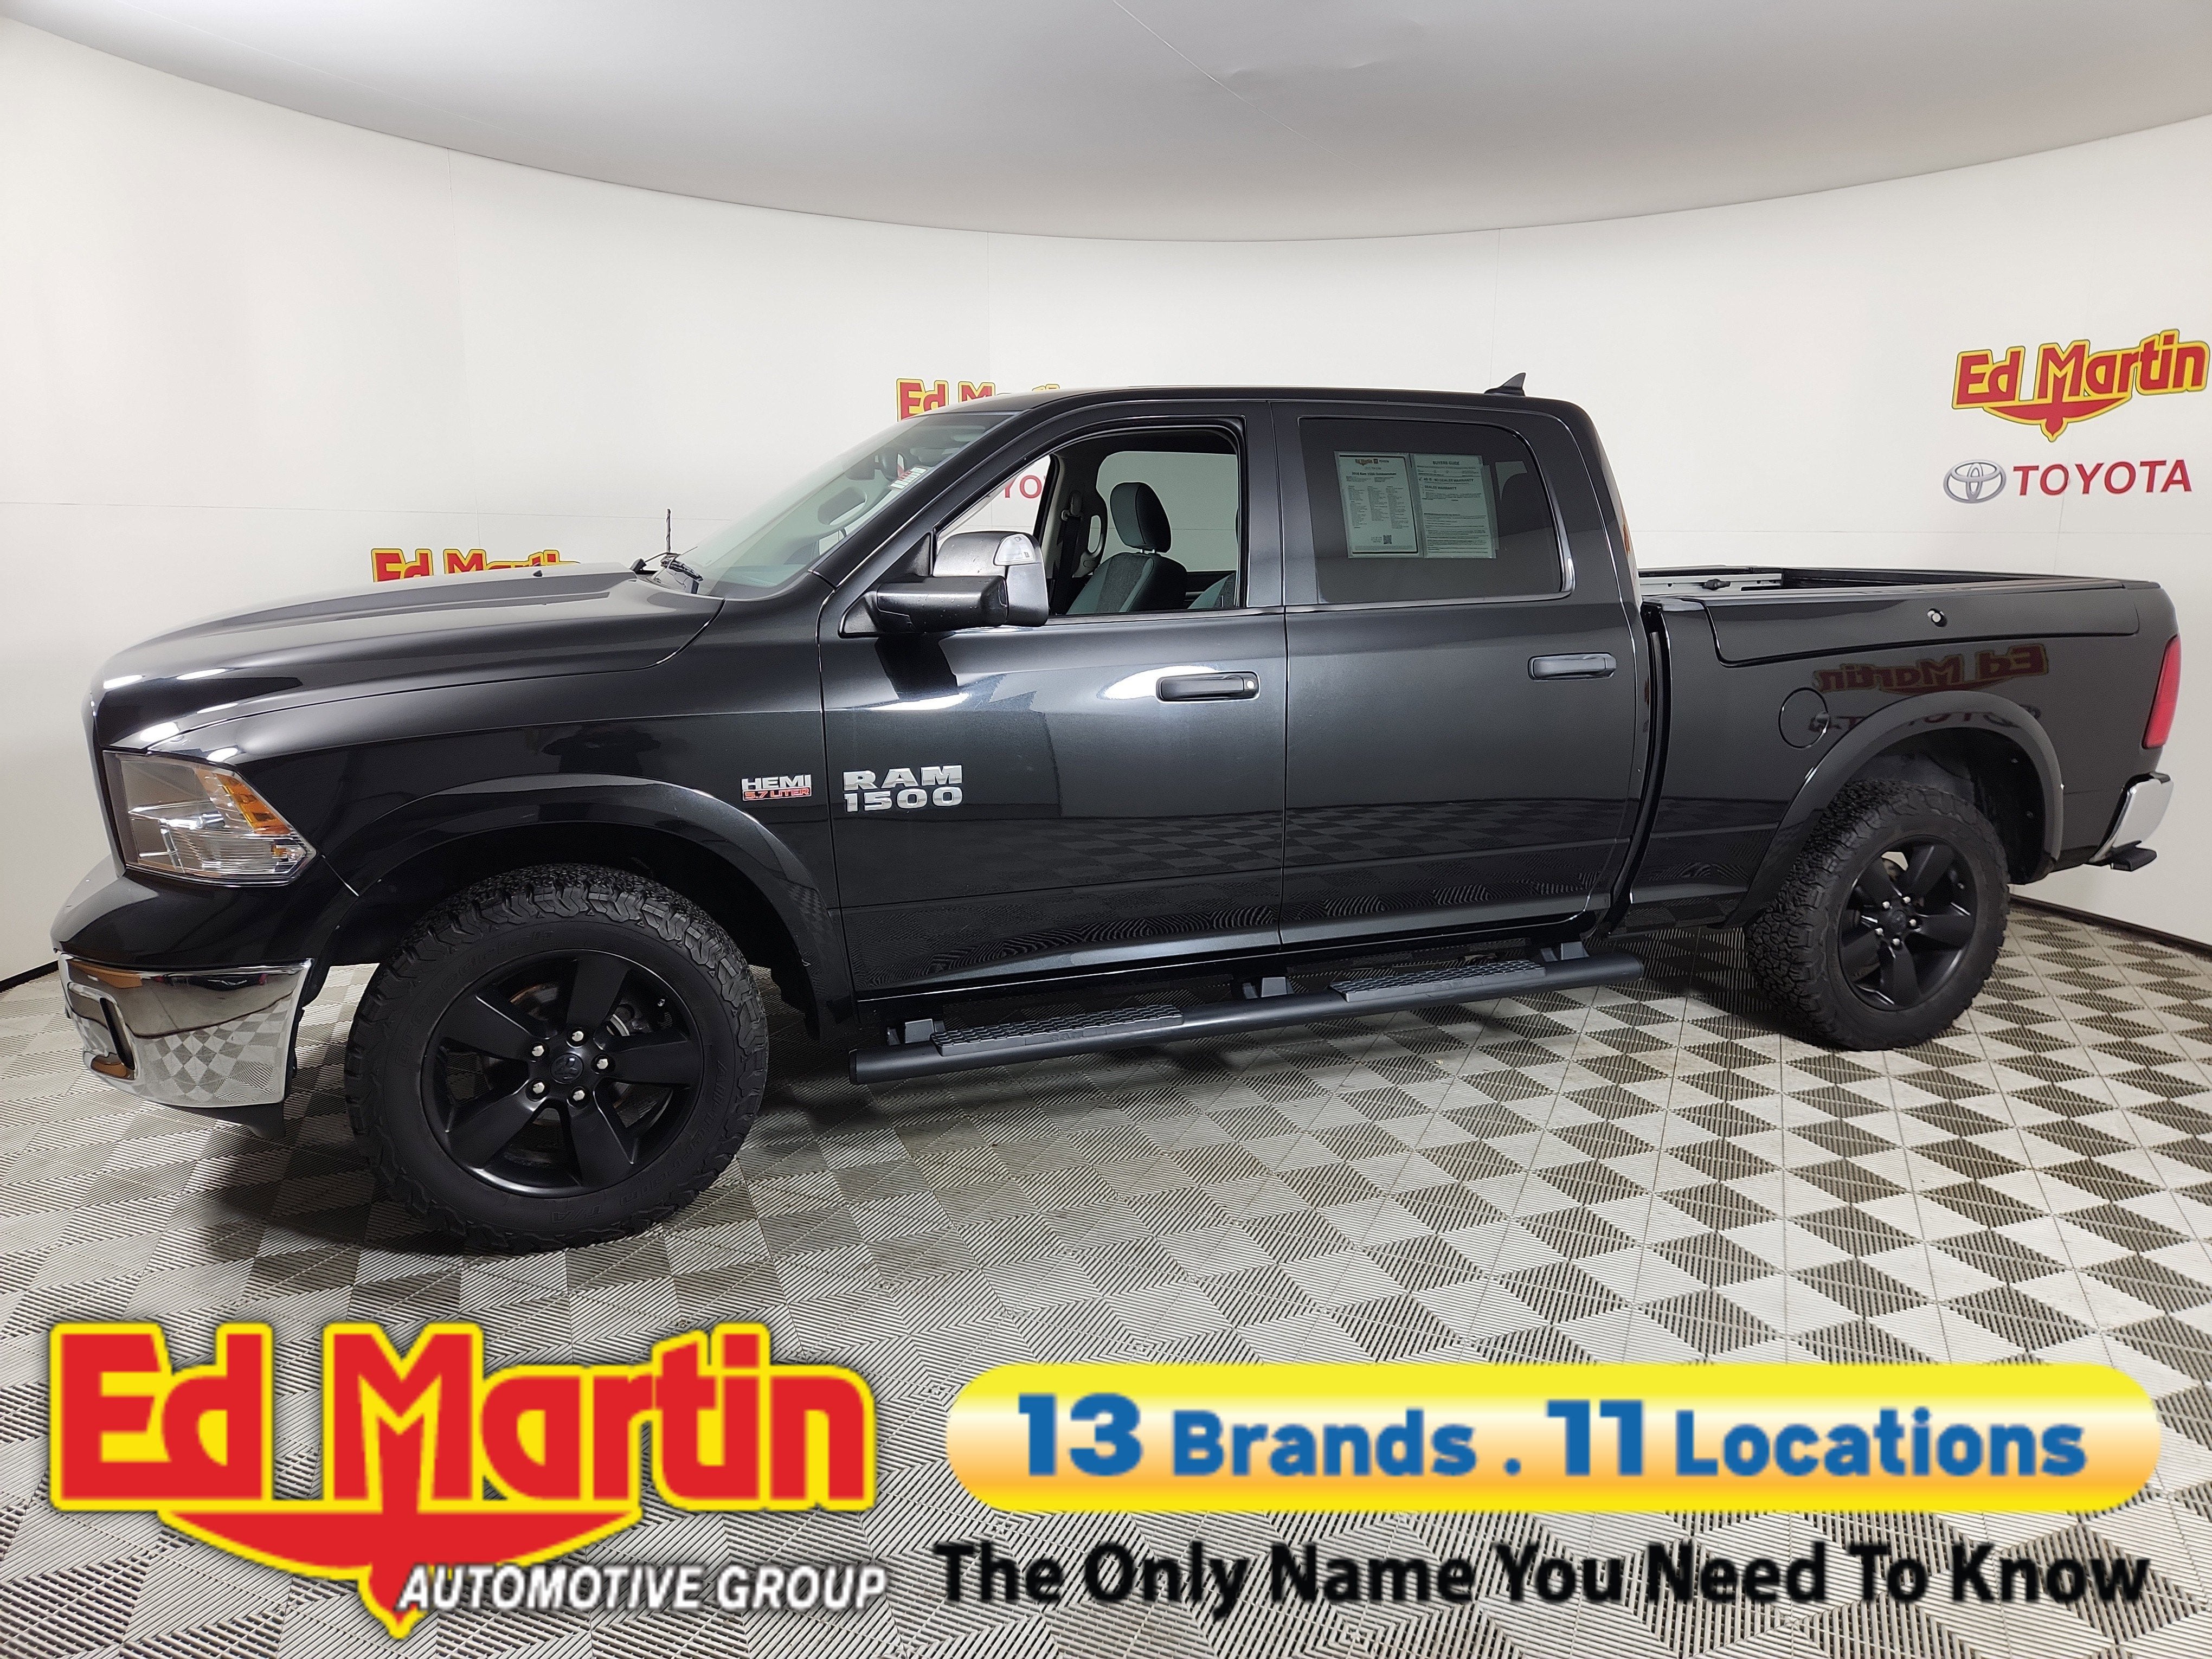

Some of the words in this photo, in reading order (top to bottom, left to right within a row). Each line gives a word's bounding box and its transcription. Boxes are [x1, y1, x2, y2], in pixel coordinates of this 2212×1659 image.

[1952, 346, 2025, 409] Ed
[2033, 329, 2210, 404] Martin
[2012, 459, 2192, 496] TOYOTA
[741, 774, 812, 790] HEMI
[843, 765, 963, 791] RAM
[743, 790, 768, 800] 5.7
[770, 788, 811, 798] LITER
[844, 786, 963, 812] 1500

■ PROBLEM DESCRIPTION
What is needed is every entry written out word for word, with no pictures.

■ TASK ANSWER
Some of the words in this photo, in reading order (top to bottom, left to right within a row). Each line gives a word's bounding box and its transcription. Boxes are [x1, y1, x2, y2], in pixel coordinates of this 2212×1659 image.

[1952, 346, 2025, 409] Ed
[2033, 329, 2210, 404] Martin
[2012, 459, 2192, 496] TOYOTA
[741, 774, 812, 790] HEMI
[843, 765, 963, 791] RAM
[743, 790, 768, 800] 5.7
[770, 788, 811, 798] LITER
[844, 786, 963, 812] 1500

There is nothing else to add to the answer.